Following a June 2, 2014, discovery conference where this issue was first raised, plaintiffs reported that, "Robert Kwait is a wholesaler from whom [Family Garage] has been buying supplies in bulk for many years, such as masking paper, tape and fasteners for use in auto painting and other supplies such as antifreeze and oil." [Pl. Ltr. June 25, 2014]. Plaintiffs stand on their objection to the document subpoena because the subpoena only serves to harass Mr. Kwait, a third party who has no relevant information within the meaning of Fed. R. Civ. P. 26(b)(1).
Defendants' subpoena to Mr. Kwait seeks "invoices, receipts, contracts, payment information, tax documents and communications with Plaintiff Family Garage." [Def. Sept. 19, 2014 Ltr.]. Defendants claim this information is relevant because, "[a]s Family Garage's second largest paint supply vendor, the amounts paid to Mr. Kwait directly affect Family Garage's profitability and cash flow, which is not only relevant, but is central to claims in this litigation." [Id.]. Defendants make this argument based on a review of Family Garage's general ledger, which allegedly reflects hundreds of thousands of dollars' worth of payments to Mr. Kwait individually. This is in contrast to Family Garage's payments to other supply vendors, which are made payable to corporate entities.
The Court will not require Mr. Kwait to comply with the subpoena on the current record, given that the information sought, i.e., invoices, receipts, contracts, payment information, and communications with Family Garage, can be obtained from a more convenient source, namely Family Garage, a party to this action. See Fed. R. Civ. P. 26(b)(2)(C)(i) ("On motion or on its own, the court must limit the frequency or extent of discovery otherwise allowed by these rules or by local rule if it determines that[] the discovery sought [] can be obtained from some other source that is more convenient[...]"); see also In re Candor Diamond Corp., 26 B.R. 847, 849 (S.D.N.Y. Bankr. 1983) (citations omitted) ("Restrictions on discovery may be broader where a non-party is the target of discovery to protect such third parties from unnecessary harassment, inconvenience, expense, or disclosure of confidential information.").

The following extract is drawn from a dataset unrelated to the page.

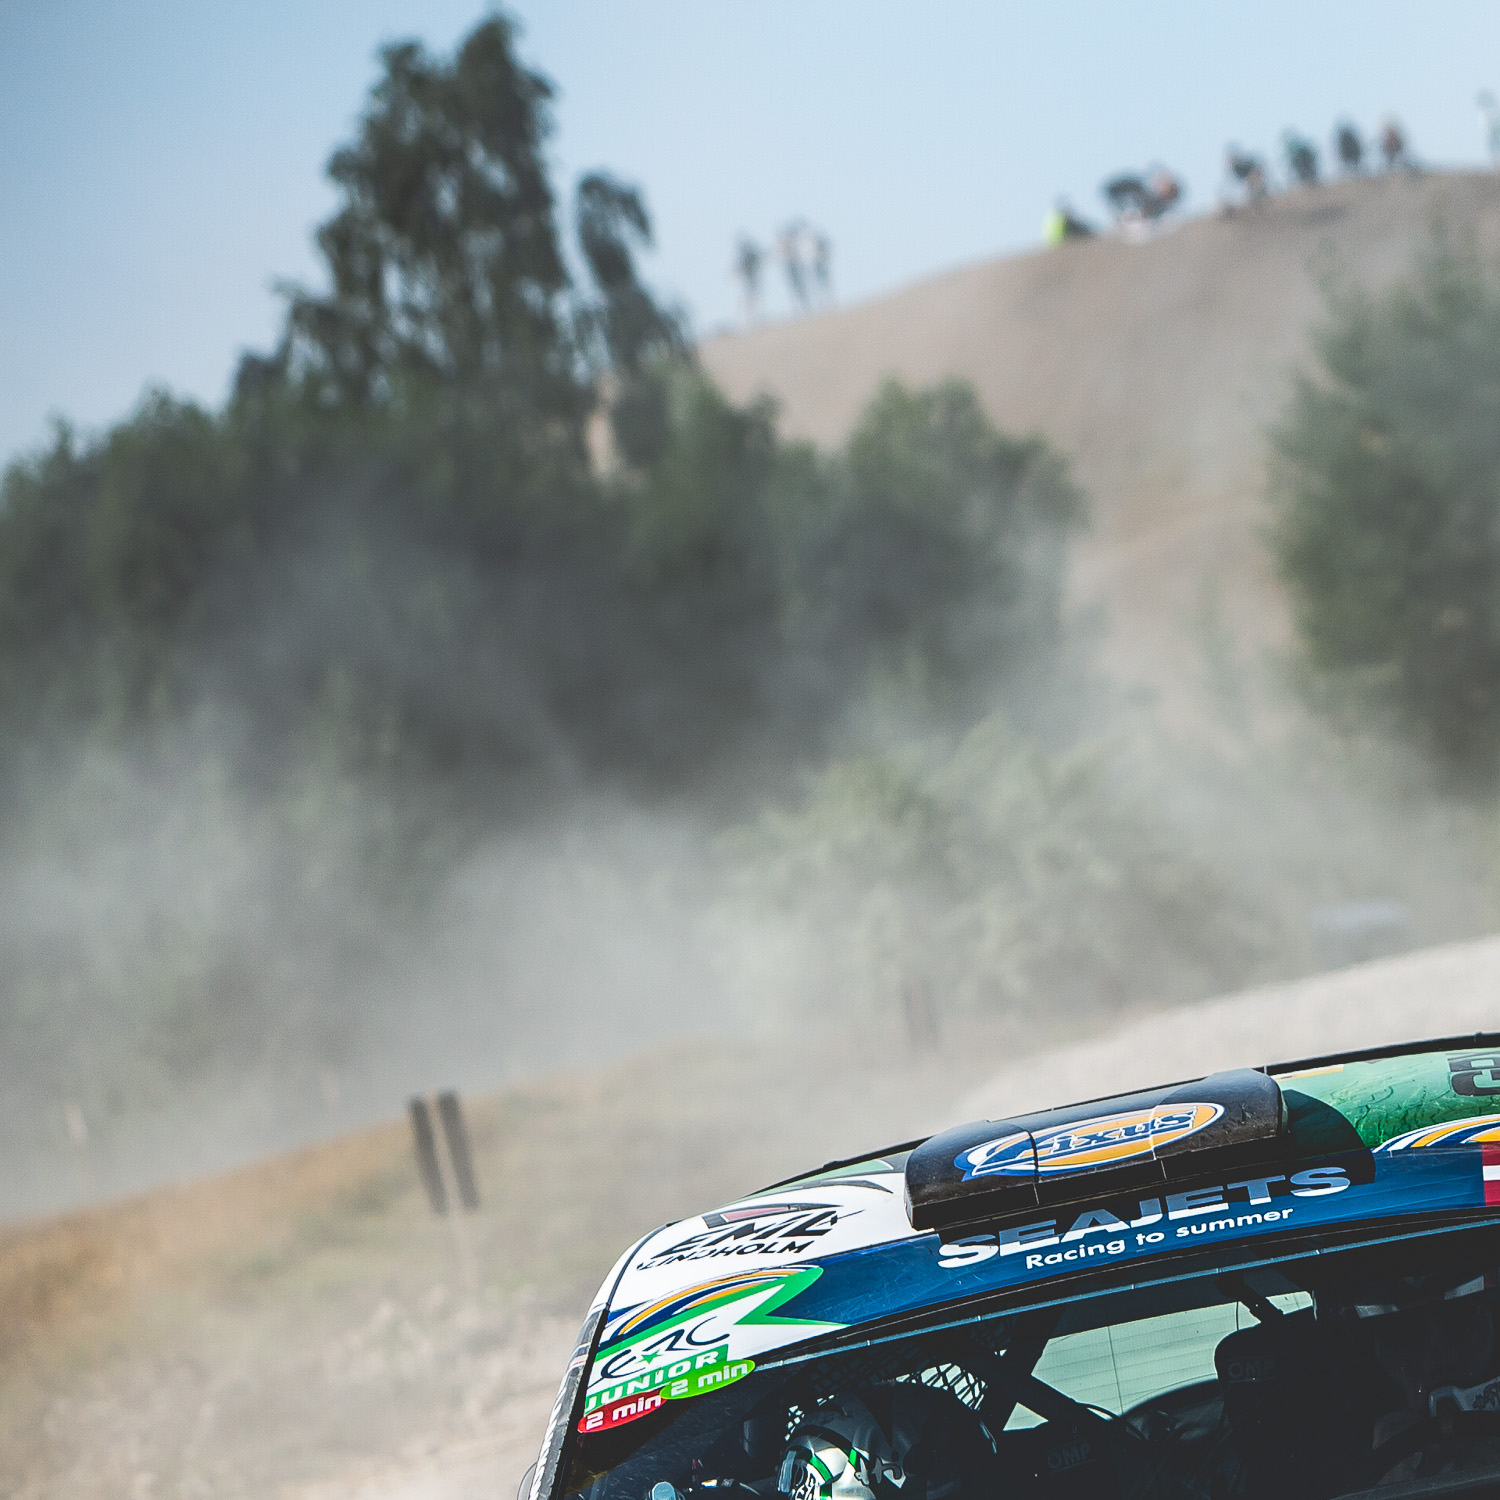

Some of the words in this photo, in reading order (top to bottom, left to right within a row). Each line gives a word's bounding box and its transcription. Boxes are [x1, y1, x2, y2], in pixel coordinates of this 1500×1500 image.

Defendants have made no showing that they have attempted to obtain this information from Family Garage, and the Court is not inclined to involve yet another third party in this litigation on the record before it. As for Mr. Kwait's personal tax returns, there is no basis in the record to find that these are discoverable or that any possible relevant information contained therein is not otherwise readily obtainable. See, e.g., Gattengo v. PriceWaterhouseCoopers, Inc., 205 F.R.D. 70, 72 (D. Conn. 2001) (compiling cases) (tax returns are discoverable if: "(1) it clearly appears they are relevant to the subject matter of the action or to the issues raised thereunder, and (2) there is a compelling need therefore because the information contained therein is not otherwise readily obtainable."). Finally, to the extent defendants seek the name and address of Mr. Kwait's business, this is something defendants may ask of Mr. Scott at his deposition.
Therefore, the Court DENIES on the current record defendants' request to compel (1) Mr. Kwait's compliance with the subpoena and (2) plaintiffs to provide the name and address of Mr. Kwait's company.

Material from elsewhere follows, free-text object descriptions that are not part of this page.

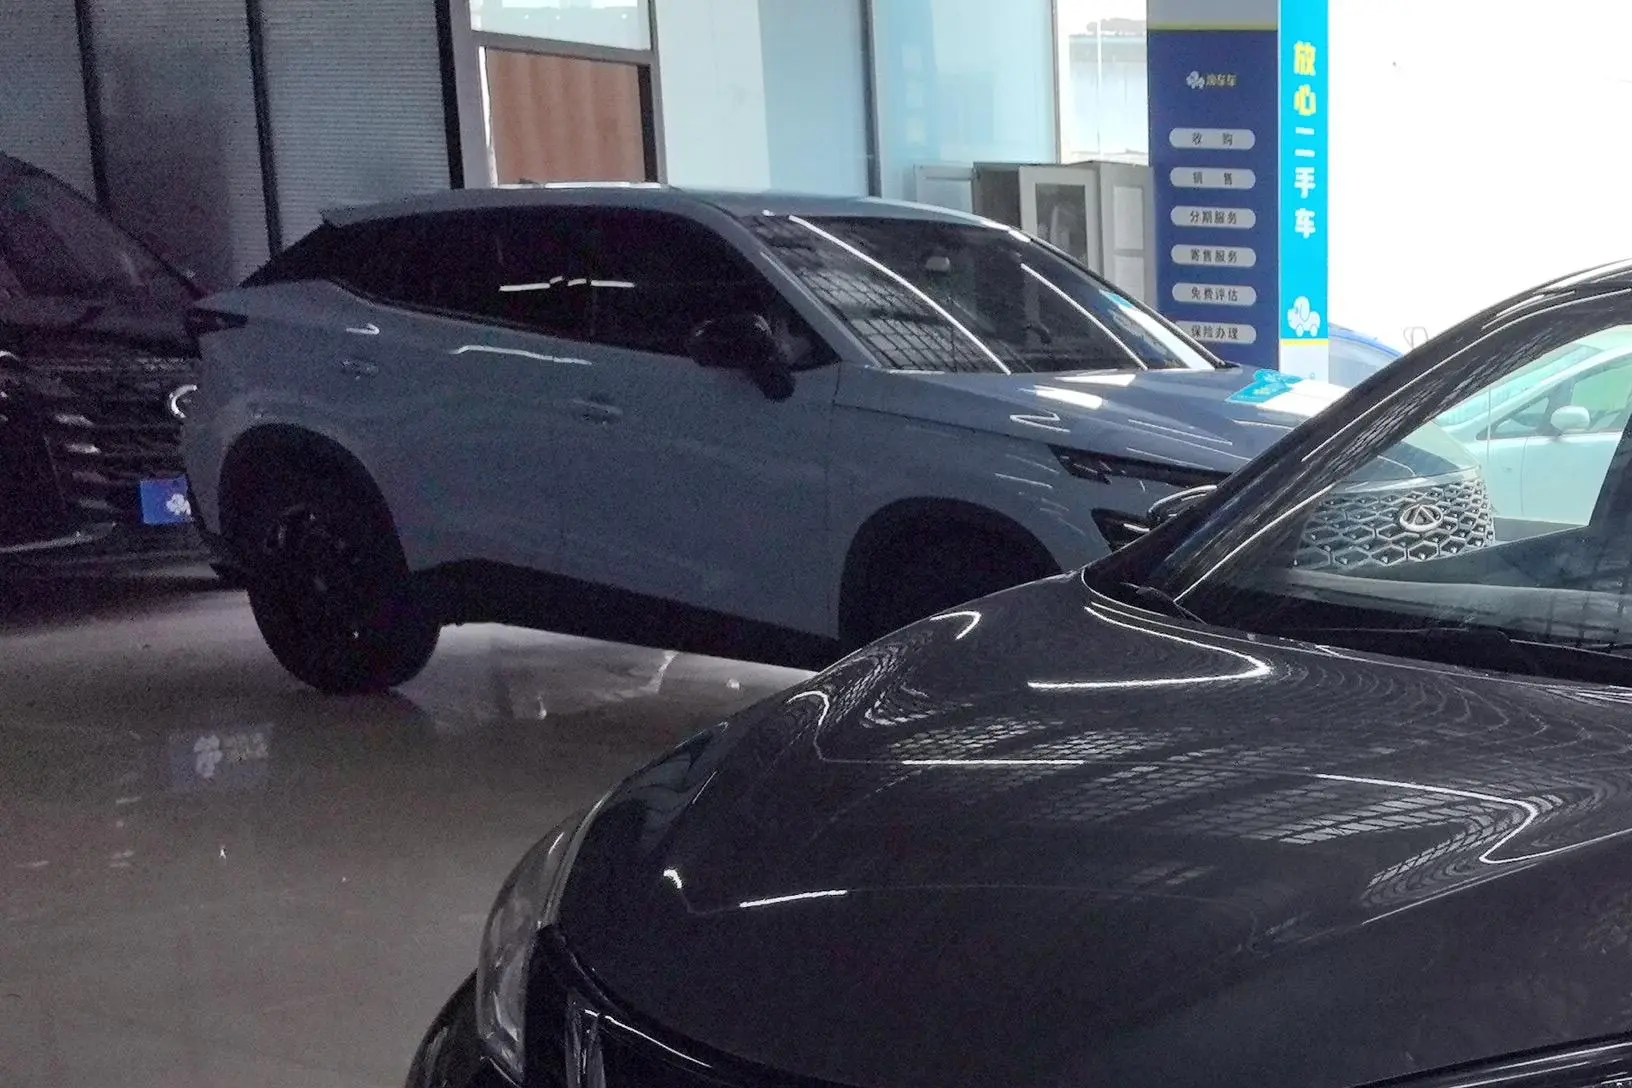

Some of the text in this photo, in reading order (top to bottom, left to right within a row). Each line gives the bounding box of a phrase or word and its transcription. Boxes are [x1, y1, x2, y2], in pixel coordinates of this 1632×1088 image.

[1294, 41, 1316, 238] 放心二手车
[1190, 210, 1237, 224] 分期服务
[1190, 248, 1238, 263] 寄售服务
[1191, 286, 1239, 302] 免费评估
[1191, 324, 1239, 340] 保险办理

This is not a Recommended Ruling. This is a discovery ruling or order which is reviewable pursuant to the "clearly erroneous" statutory standard of review. 28 U.S.C. § 636(b)(1)(A); Fed. R. Civ. P. 72(a); and D. Conn. L. Civ. R. 72.2. As such, it is an order of the Court unless reversed or modified by the district judge upon motion timely made.
SO ORDERED at Bridgeport this 22nd day of October 2014.